Гиперболизуя до крайних пределов эти чудовищные явления дня сегодняшнего, Д’Агата тем не менее реалистически смотрит на вещи: он отдает себе отчет в том, что подобными уродливыми формами потребления охвачены лишь некоторые, наиболее состоятельные слои капиталистического общества; писателю, естественно, известны и конкретные цифры, характеризующие современную итальянскую экономику (миллионы безработных, крайняя нищета целых районов страны…), а потому он понимает, что чисто экономический путь к всеобщей помойке будущего может занять века и века - у капитализма в этом смысле еще гигантские неиспользованные потенции. Но тем и страшен этот тип общества, что он не способен в силу самой природы своей учитывать интересы всей массы граждан и в поисках новых сфер потребления форсирует экономические законы политическими средствами, в частности путем грабежа других наций, а когда и эти возможности исчерпываются, путем прямого насилия.
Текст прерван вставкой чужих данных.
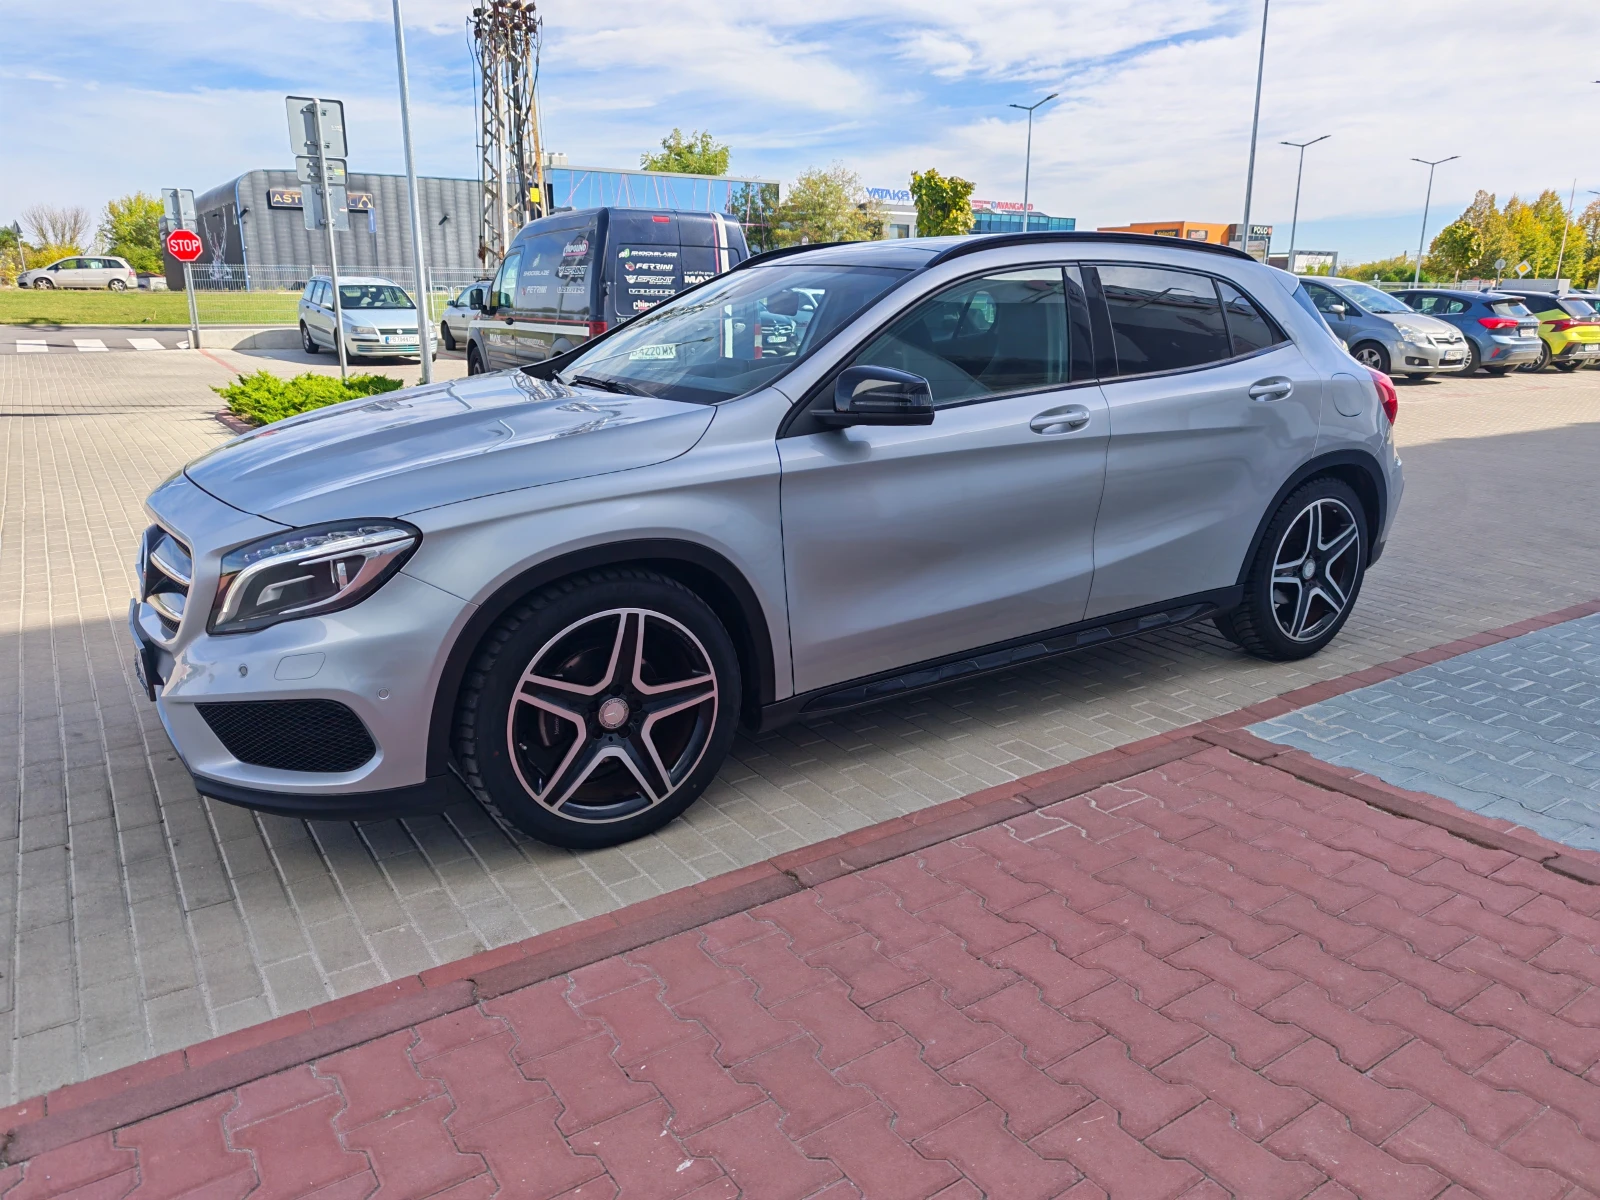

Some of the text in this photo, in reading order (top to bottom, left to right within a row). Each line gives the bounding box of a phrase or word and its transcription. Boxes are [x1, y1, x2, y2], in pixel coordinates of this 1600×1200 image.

[170, 239, 199, 252] STOP
[635, 262, 673, 270] FERRINI
[635, 275, 676, 283] SPRINT
[639, 346, 661, 356] 4220
[662, 346, 674, 356] MX
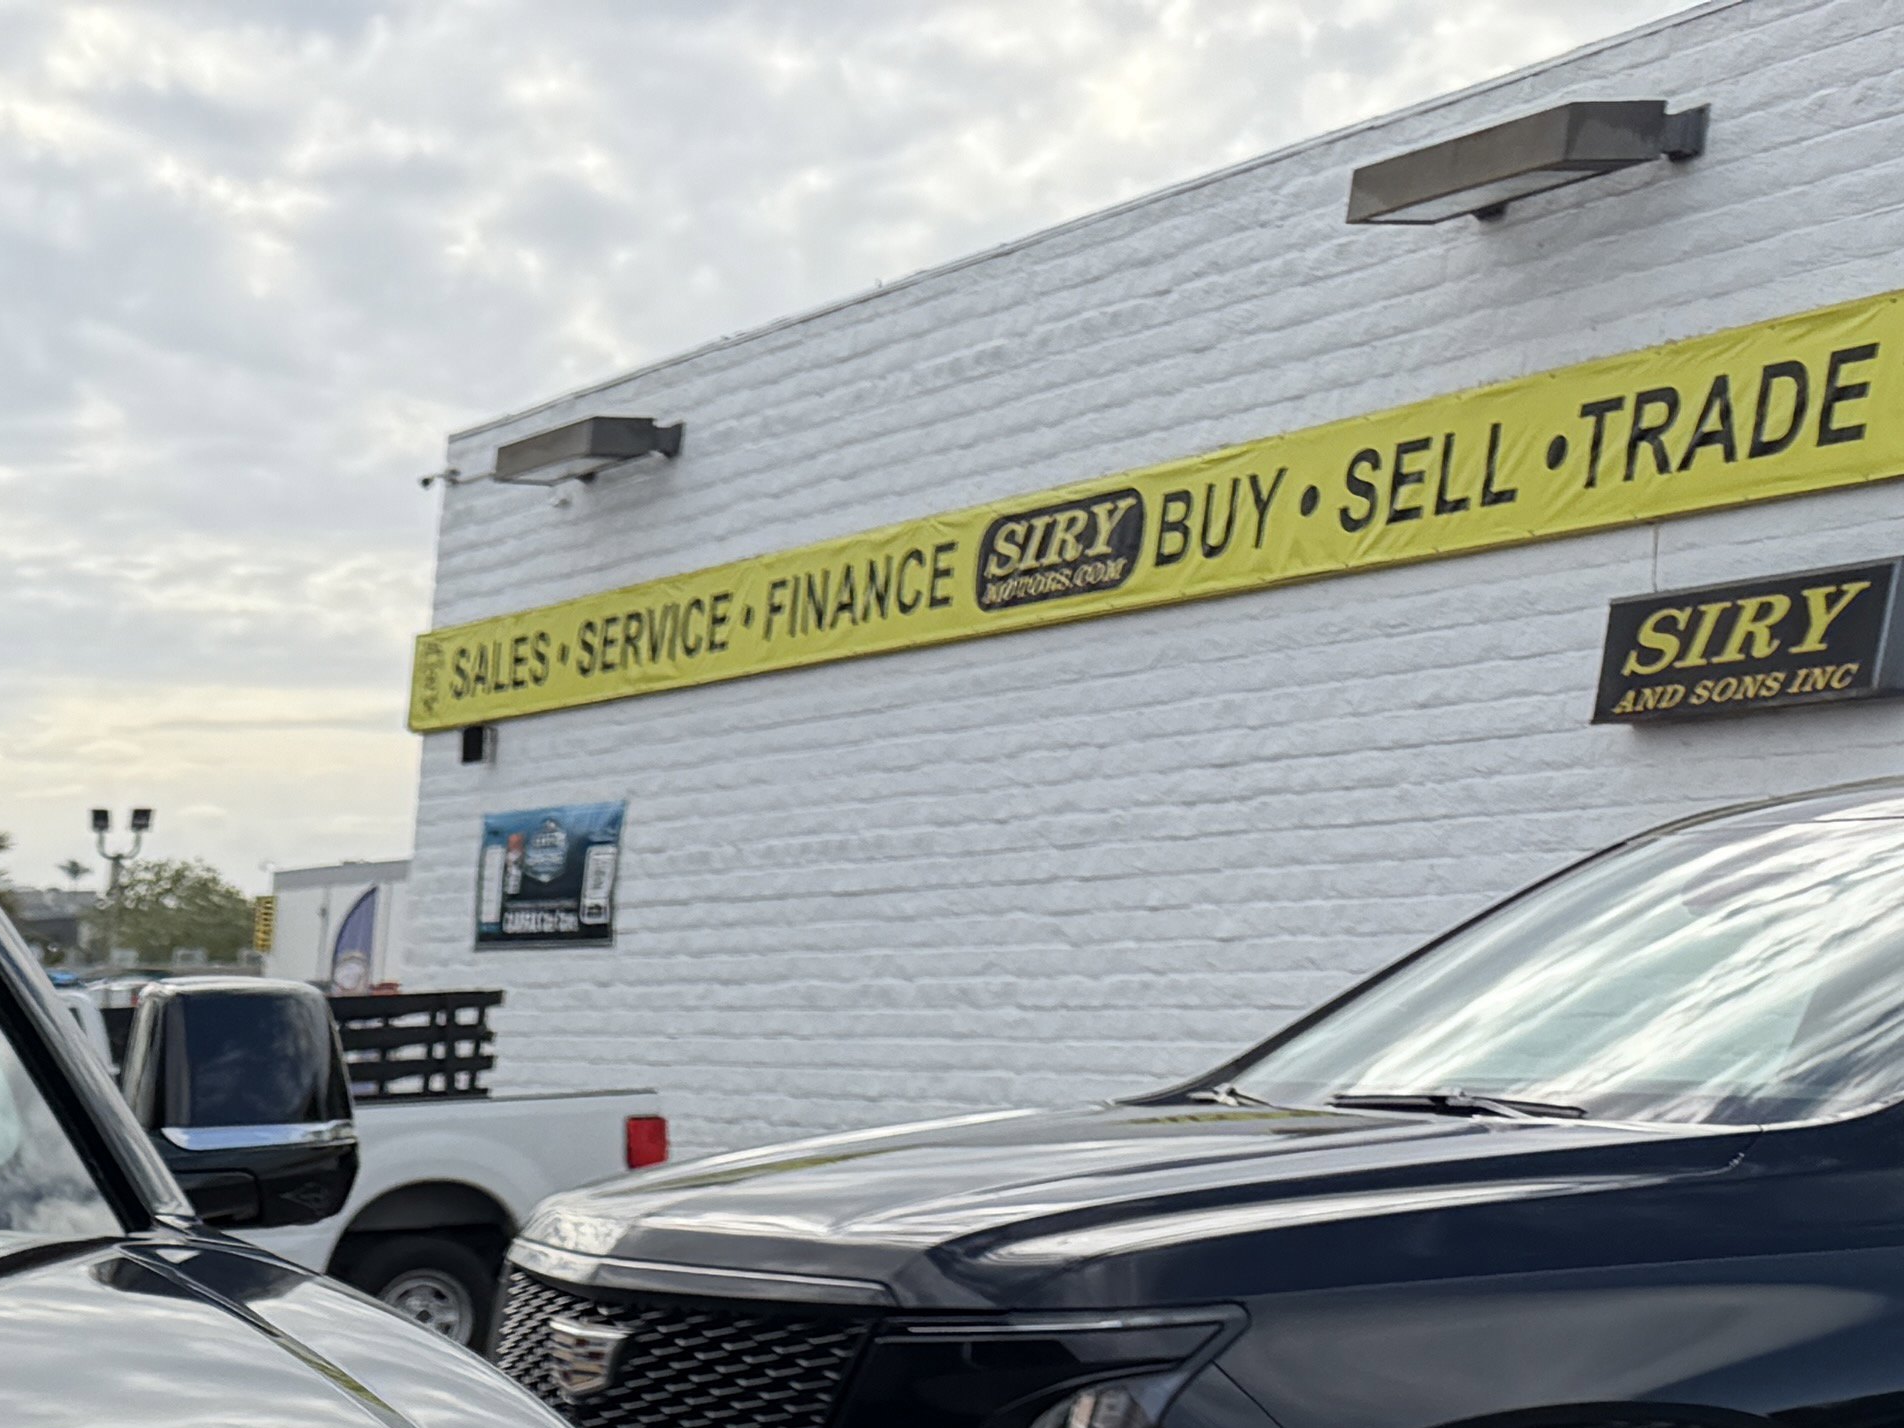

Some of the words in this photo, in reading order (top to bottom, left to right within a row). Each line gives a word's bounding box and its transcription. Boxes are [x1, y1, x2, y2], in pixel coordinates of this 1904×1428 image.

Так зарождаются милитаристские тенденции, начинаются войны. Твердо следуя марксистско-ленинским концепциям, писатель-коммунист Д’Агата находит чрезвычайно оригинальный и остроумный поворот, ни в коей мере не противоречащий диалектике развития современного капитализма: в войне будущего Америка использует уже не ядерное оружие, а поистине дьявольские бомбы, уничтожающие не людей, а вещи и тем самым открывающие новую гигантскую сферу потребления. В интонациях злого сарказма повествуя об очередной "локальной" войне Америки на Европейском континенте, в результате чего "США решили открыть традиционно гостеприимные границы для одного миллиона безработных тружеников из Европы", писатель, опять-таки исходя из опыта наших дней, весьма скептически смотрит и на возможности своих сограждан будущего противостоять этой американской "помощи". Его Мария, Брут, Кассий, Гораций, которые "даже не заметили, что их завоевали", по сути, очень близки к обитателям "Америки о’кей". И хотя их язык несравненно богаче, в будущее они пронесли законсервированные уже сегодня пороки-стереотипы: жадность и похоть, ханжество и глупость; и этот остро сатирический портрет приобретает еще большую емкость, благодаря сознательному смещению автором "классических" ролей этих персонажей: так, Мария оказывается распутной девицей, что не мешает ей проповедовать христианскую мораль. Наиболее последовательным "революционером" показан Брут, а предателем и мерзавцем - Гораций. В этом, несомненно, еще один поражающий своей конкретностью штрих аллегории капиталистического вырождения.
Говоря о "европейских тружениках", нельзя не отметить и весьма пессимистического взгляда писателя на их "революционные теории" - Д’Агата почти слово в слово воспроизводит демагогические программные заявления нынешних лидеров правой социал-демократии о необходимости "улаживать, согласовывать, утрясать, координировать… приспосабливать, удовлетворять, размежевывать, разъединять".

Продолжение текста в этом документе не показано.